12.27.2012

horas depois do fim ele escreveu num papel a frase que já lhe dissera antes, sinto a tua falta como se vivesses em mim. estava escrito, podia ser visto por quem quisesse e soubesse. aquela dor podia ser lida por toda a gente a quem o vento levasse o papel. decidiu que a dor dele seria de quem o vento escolhesse. quis, ao escrevê-la, livrar-se dela porque já nem o seu peso nas lágrimas conseguia suportar.

ao mesmo tempo, na outra ponta da cidade ela também chorava sentindo nas veias o peso da decisão. sabia que podia ter escolhido partir antes do tempo, se é que existe tempo nestas coisas da paixão. não sei se amanhã vou sentir falta do teu corpo na cama, mas hoje ainda procuro o teu abraço, ainda sinto a tua mão no meu peito.

durante anos nunca mais se viram, nunca voltaram a falar-se, mas ele ainda a lembra descalça pela casa e em algumas noites mais rigorosas ela ainda acorda durante a noite sentindo a boca dele na sua nuca.

12.26.2012

::even in the darkness there's always a certain light

precisamos do escuro tanto quanto precisamos da luz.
é no escuro que acontecemos, a vida vive da luz e da escuridão intercaladas mas só nos transcendemos no escuro. graças a Deus há brechas de claridade colocadas estrategicamente na direcção de coisas bonitas para não as esquecermos. ainda bem que é assim porque só conseguimos vê-las de vez em quando, embora estejam lá sempre.

12.01.2012

:: todas estas saudades de conversas que não tivemos

por cá vamos indo. os dias correm como loucos fazendo pouco da nossa vontade de calma e nós vamos fechando os olhos à quantidade de vezes que nos afundamos nele. tem dias que realizamos que não falamos há meses com aquele amigo de sempre, com a prima que é a coisa mais próxima de um irmão que conhecemos e que as horas que dedicamos à avó são curtas em compraração com o que devia. nessa altura uma tristeza violenta amachuca-nos os estômago.

na televisão as notícias são tristes, são histórias de um país que vai morrendo aos bocadinhos e ao meu lado também há pessoas a morrer um bocadinho todos os dias com corações mais cinzentos do que antes. deve ser por isso o medo silencoso a ferir-me a garganta às vezes. em dias assim lembro-te mais, avô.

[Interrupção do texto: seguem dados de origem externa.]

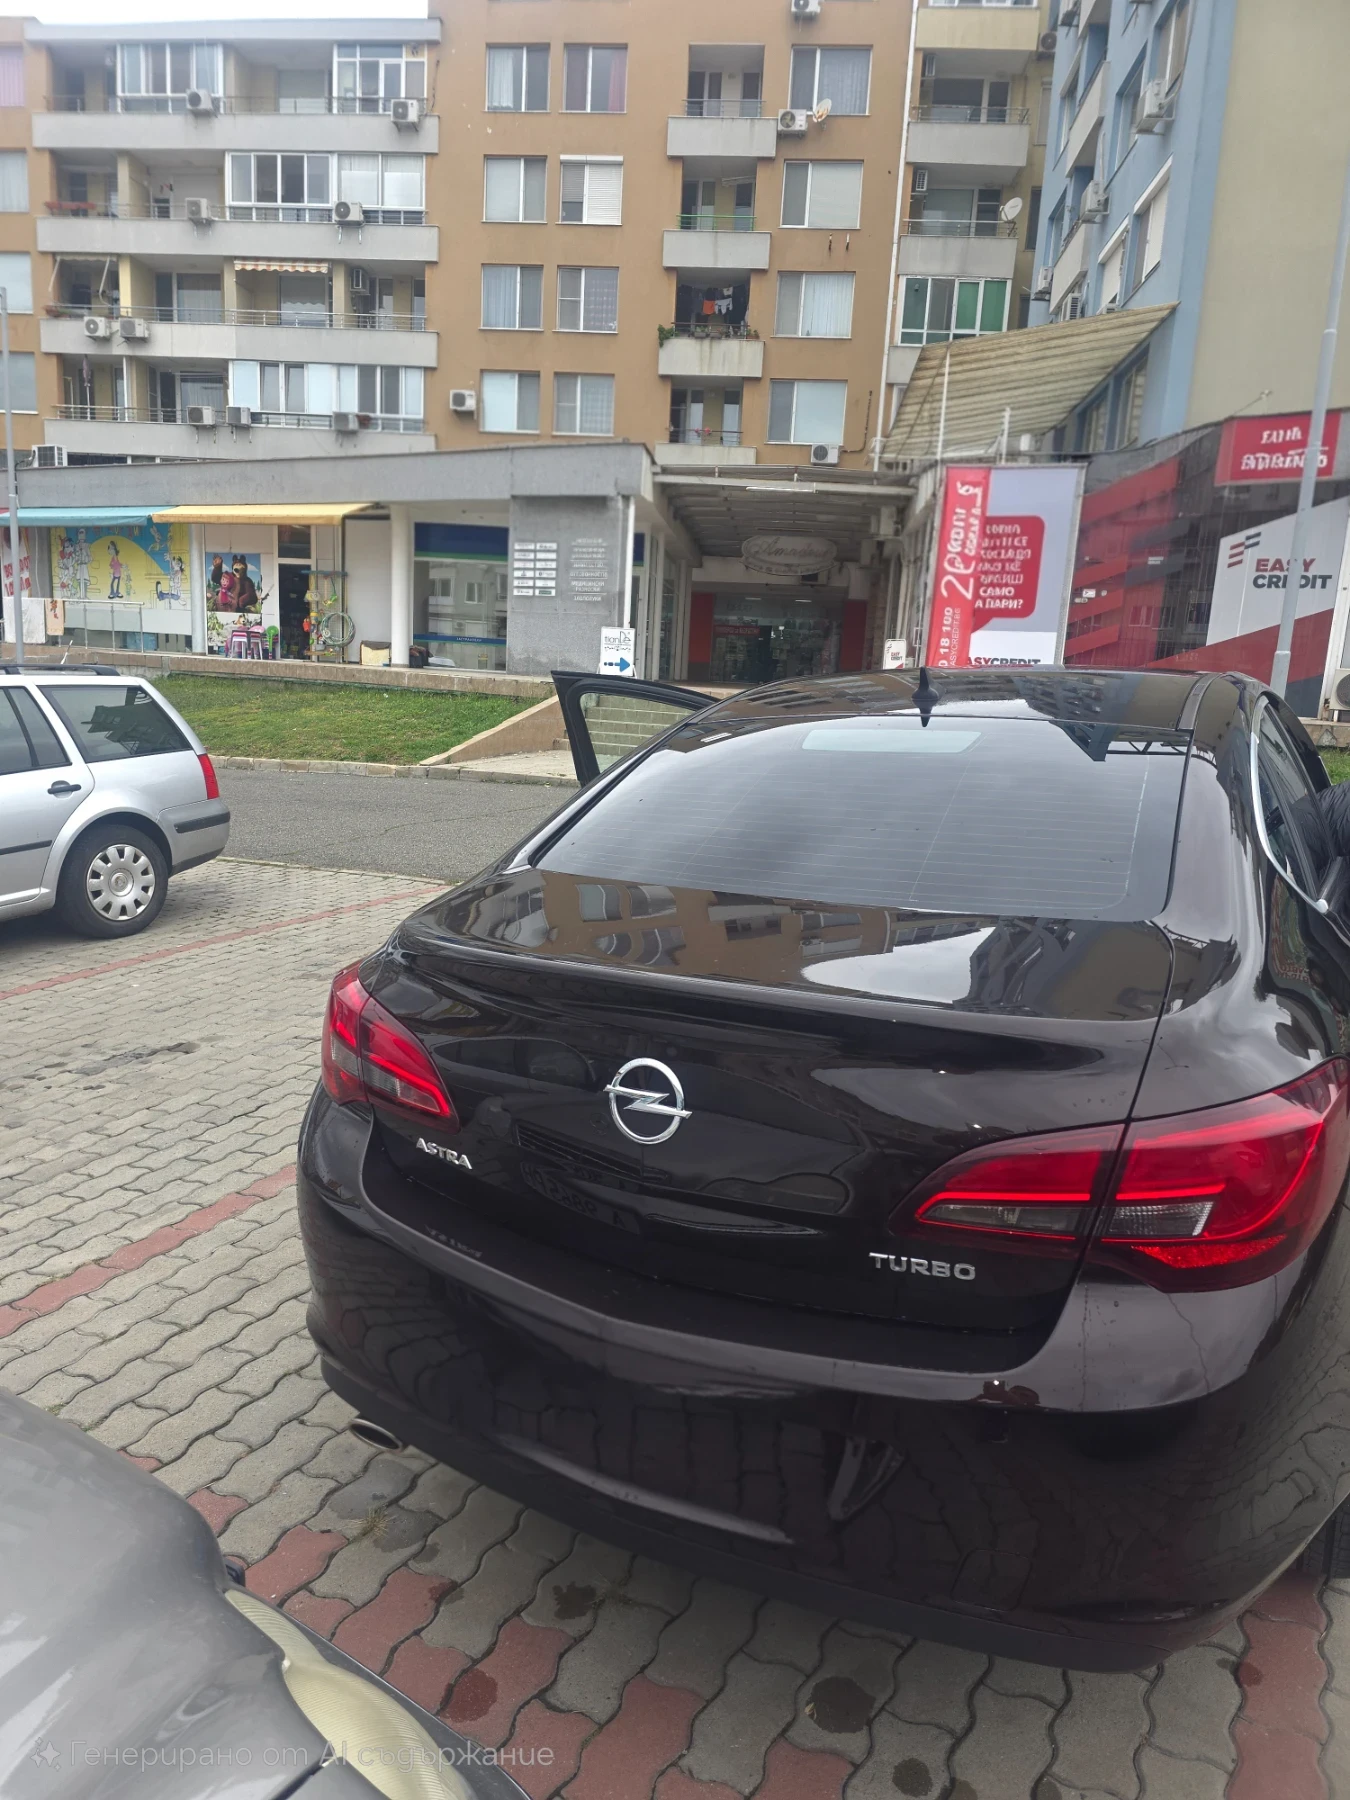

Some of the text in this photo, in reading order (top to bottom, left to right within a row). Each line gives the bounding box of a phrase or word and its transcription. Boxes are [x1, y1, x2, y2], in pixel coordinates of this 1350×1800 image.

[1255, 558, 1316, 573] EAY
[979, 586, 1015, 596] САМО
[985, 599, 1024, 609] ПАРИ?
[943, 607, 953, 633] 100
[951, 607, 961, 666] ASYCREDIT.BG
[939, 637, 950, 654] 18
[966, 657, 1041, 665] ASYCREDIT
[416, 1137, 473, 1170] ASTRA
[868, 1252, 976, 1281] TURBO

tirando isso tudo, às vezes uma saudade brutal de escrever. acho que me esqueci disso também. não é por falta de tema mas não tenho sentido as dores e a alegria em palavras. já pensei que o silêncio de hoje talvez seja melhor que as palavras de tantos anos, a idade também já não se dobra aos exageros do coração.

sabes uma coisa? tenho pensado que esta tua ausência faz escuro nos olhos, mas sei que isso pouco importa porque me ensinaste uma vez que não são os olhos que realmente vêem. terias gostado de saber que estes dias de Inverno têm estado frios, mas bem bonitos.